Aim of the task - No pictures should be carried over. Output all other parts of the entries verbatim.

Given records -
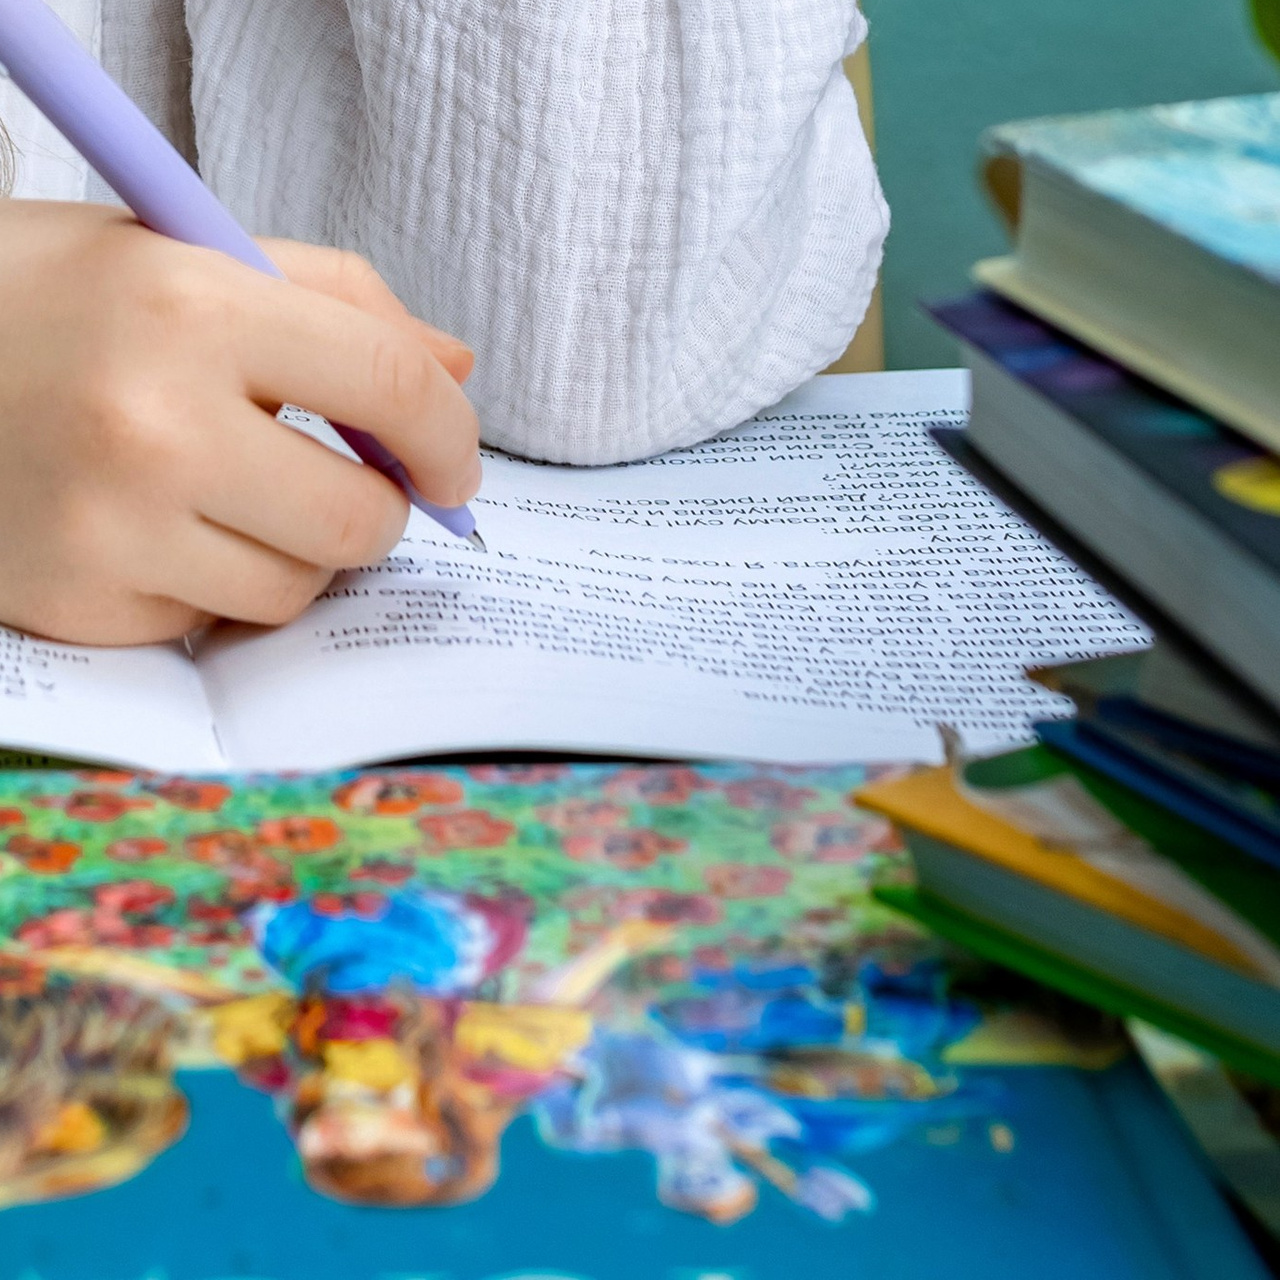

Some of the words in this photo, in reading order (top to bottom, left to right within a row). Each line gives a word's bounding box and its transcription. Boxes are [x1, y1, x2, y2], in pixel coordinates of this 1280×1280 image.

[751, 424, 827, 433] что...
[833, 422, 881, 432] где
[886, 420, 968, 432] мёшь,
[702, 434, 812, 446] переме
[821, 433, 871, 441] все
[878, 431, 927, 440] них
[785, 443, 874, 453] Стали
[834, 451, 947, 461] сыпали
[822, 472, 900, 483] есть?
[827, 481, 953, 492] говорит:
[678, 496, 769, 509] грибы
[777, 493, 868, 506] Давай
[877, 492, 940, 504] что?
[512, 497, 639, 517] говорит:
[825, 501, 995, 512] помолчала,
[516, 504, 601, 521] супов
[672, 507, 817, 517] подумала
[610, 518, 659, 527] Тут
[732, 517, 837, 525] возьму
[846, 515, 888, 524] тут
[897, 513, 967, 522] тебе
[665, 519, 725, 527] суп!
[820, 525, 948, 535] говорит:
[578, 548, 654, 562] хочу.
[874, 546, 1004, 555] говорит:
[661, 558, 737, 567] тоже
[772, 559, 962, 569] пожалуйста.
[969, 556, 1066, 564] хнычь,
[526, 556, 653, 581] больше.
[824, 568, 955, 578] говорит:
[435, 570, 542, 590] пошли
[661, 576, 733, 587] могу
[815, 581, 928, 589] устала.
[960, 578, 1096, 587] марочка,
[577, 583, 631, 598] них
[727, 590, 860, 601] говорит:
[869, 594, 930, 602] Она
[582, 591, 732, 618] корзинки
[664, 595, 817, 613] Корзинки
[955, 603, 1067, 611] теперь
[1072, 601, 1117, 609] им
[742, 612, 865, 623] полные
[1031, 613, 1126, 621] взяли
[827, 627, 938, 637] грибов
[946, 627, 1042, 635] много
[1049, 625, 1142, 633] очень
[689, 636, 749, 648] уже
[752, 633, 789, 642] не
[796, 636, 876, 647] даже
[939, 637, 1081, 647] набрали,
[755, 643, 810, 654] них

Response below -
Some of the words in this photo, in reading order (top to bottom, left to right within a row). Each line gives a word's bounding box and its transcription. Boxes are [x1, y1, x2, y2], in pixel coordinates of this 1280×1280 image.

[751, 424, 827, 433] что...
[833, 422, 881, 432] где
[886, 420, 968, 432] мёшь,
[702, 434, 812, 446] переме
[821, 433, 871, 441] все
[878, 431, 927, 440] них
[785, 443, 874, 453] Стали
[834, 451, 947, 461] сыпали
[822, 472, 900, 483] есть?
[827, 481, 953, 492] говорит:
[678, 496, 769, 509] грибы
[777, 493, 868, 506] Давай
[877, 492, 940, 504] что?
[512, 497, 639, 517] говорит:
[825, 501, 995, 512] помолчала,
[516, 504, 601, 521] супов
[672, 507, 817, 517] подумала
[610, 518, 659, 527] Тут
[732, 517, 837, 525] возьму
[846, 515, 888, 524] тут
[897, 513, 967, 522] тебе
[665, 519, 725, 527] суп!
[820, 525, 948, 535] говорит:
[578, 548, 654, 562] хочу.
[874, 546, 1004, 555] говорит:
[661, 558, 737, 567] тоже
[772, 559, 962, 569] пожалуйста.
[969, 556, 1066, 564] хнычь,
[526, 556, 653, 581] больше.
[824, 568, 955, 578] говорит:
[435, 570, 542, 590] пошли
[661, 576, 733, 587] могу
[815, 581, 928, 589] устала.
[960, 578, 1096, 587] марочка,
[577, 583, 631, 598] них
[727, 590, 860, 601] говорит:
[869, 594, 930, 602] Она
[582, 591, 732, 618] корзинки
[664, 595, 817, 613] Корзинки
[955, 603, 1067, 611] теперь
[1072, 601, 1117, 609] им
[742, 612, 865, 623] полные
[1031, 613, 1126, 621] взяли
[827, 627, 938, 637] грибов
[946, 627, 1042, 635] много
[1049, 625, 1142, 633] очень
[689, 636, 749, 648] уже
[752, 633, 789, 642] не
[796, 636, 876, 647] даже
[939, 637, 1081, 647] набрали,
[755, 643, 810, 654] них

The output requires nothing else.